Several years ago, I had an ear infection and was supposed to fly in 3 days. I did not hesitate to visit an EENT and get a script for antibiotics. That was combined with other nutritional/topical supplements that I knew about, along with proper post-antibiotic probiotic therapy. Many MDs don't follow antibiotics with probiotics or tell them to eat sugar-laden store yogurt that likely has little more than a sprinkling of probiotics put in it (after thorough pasteurization, of course). That won't work. The patient may get better short term, they will definitely be worse long-term.

I recently had a patient who was seeing the "top" (cough, cough) MD cardiologist in town. He helped design the new artificial heart, supposedly. He put my patient on 5 mg Lipitor/day for its "anti-inflammatory" effects :crazy:. He also told my patient that taking CoQ10 was a waste of his money. I don't make up the endocrinology nor the method of action of statins, who is demonizing who?

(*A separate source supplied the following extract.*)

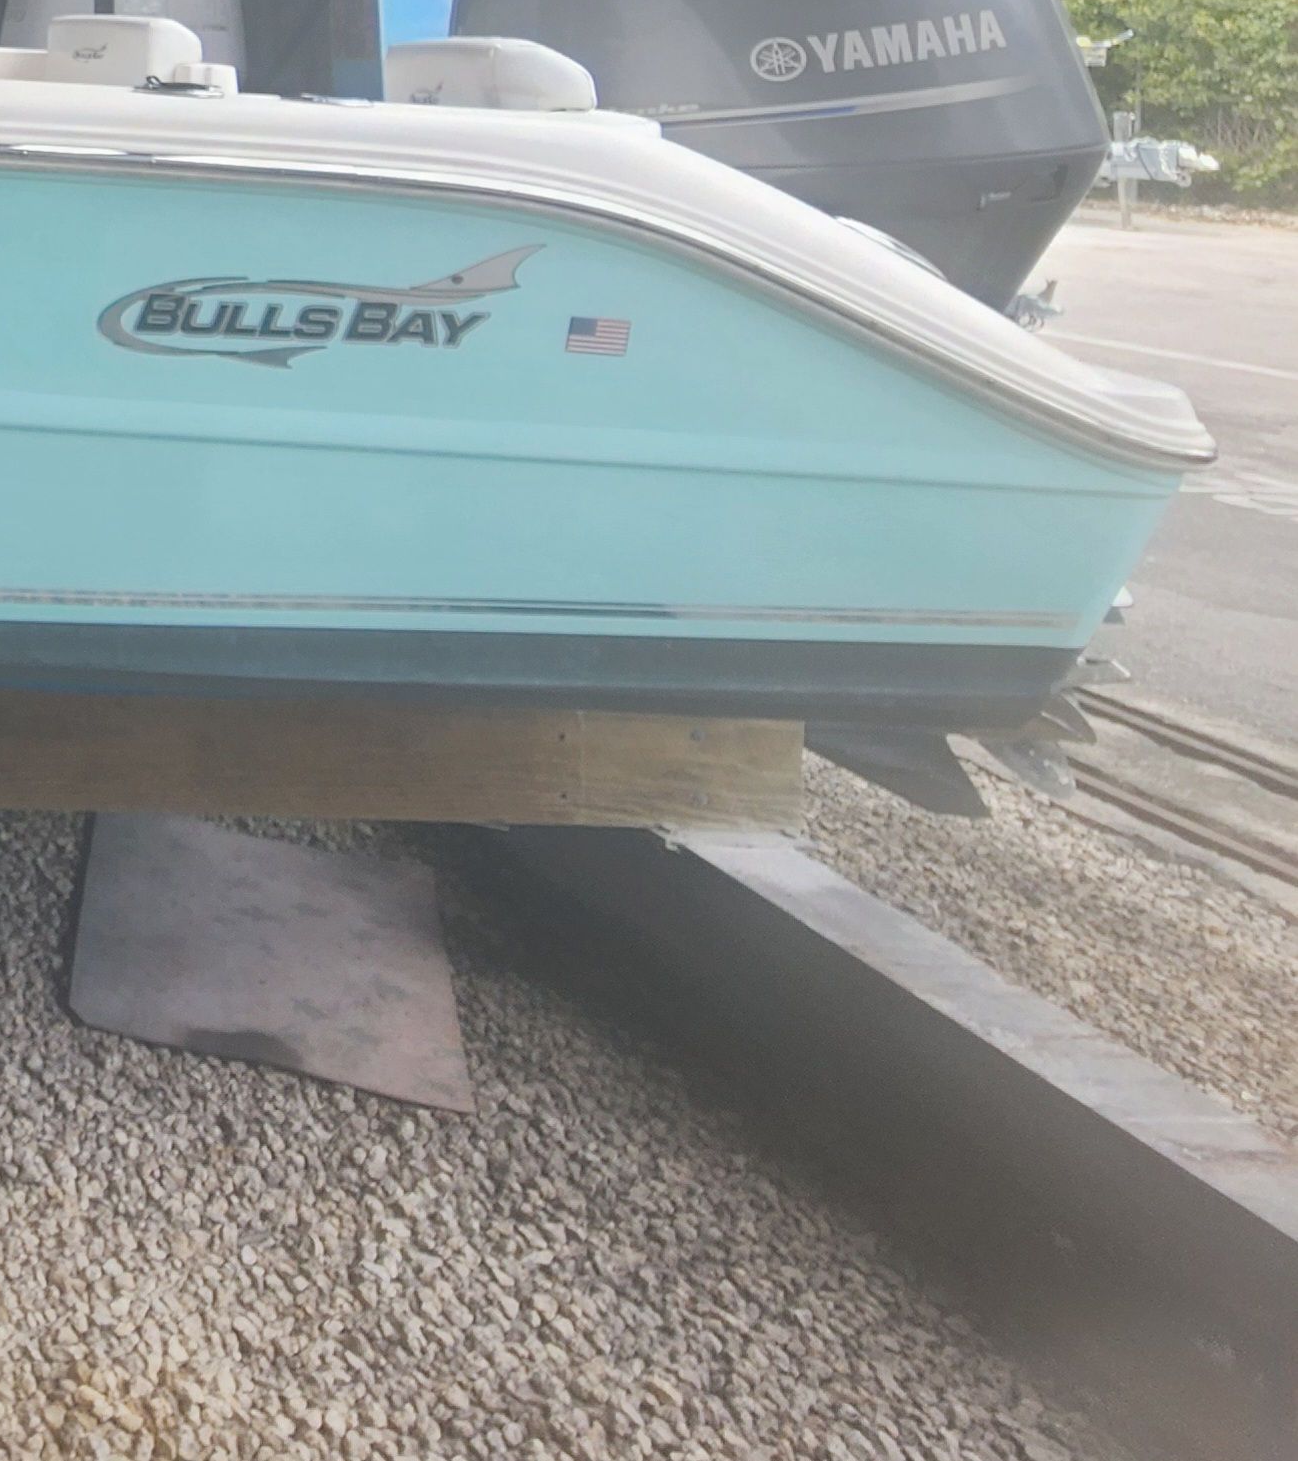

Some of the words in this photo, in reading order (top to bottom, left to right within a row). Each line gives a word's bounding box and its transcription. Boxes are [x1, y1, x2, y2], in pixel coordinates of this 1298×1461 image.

Nature AND nurture play huge roles in ours and our children's diets and their reactions to said diets. We pass them our genes ("nature"), we pass them our food choice/prep habits and eating issues/disorders ("nurture", ie. rewarding children with sugary treats creates an emotional connection with sugar, success, and good feelings). We therefore can only logically expect them to mostly manifest the same nutritional dis-eases we as parents would have.

Considering the massive media blitzes performed on the public every day on behalf of allopathic practitioners and pharmaceutical companies, how then would an entire industry gain a "bad reputation" and be "demonized" if their practices and results didn't often earn these things?

There are plenty of bad alternative physicians out there as well, don't think I judge unfairly. There is quite an influx of money from supplement companies into my industry, making it more similar to the Big Pharma practice everyday. It's all very sad, many practitioners in my field, while being educated on things like diet, become lazy as well in terms of explaining things that may help the patient.

All I can do is my best to rise above the mess we as mankind have created for ourselves.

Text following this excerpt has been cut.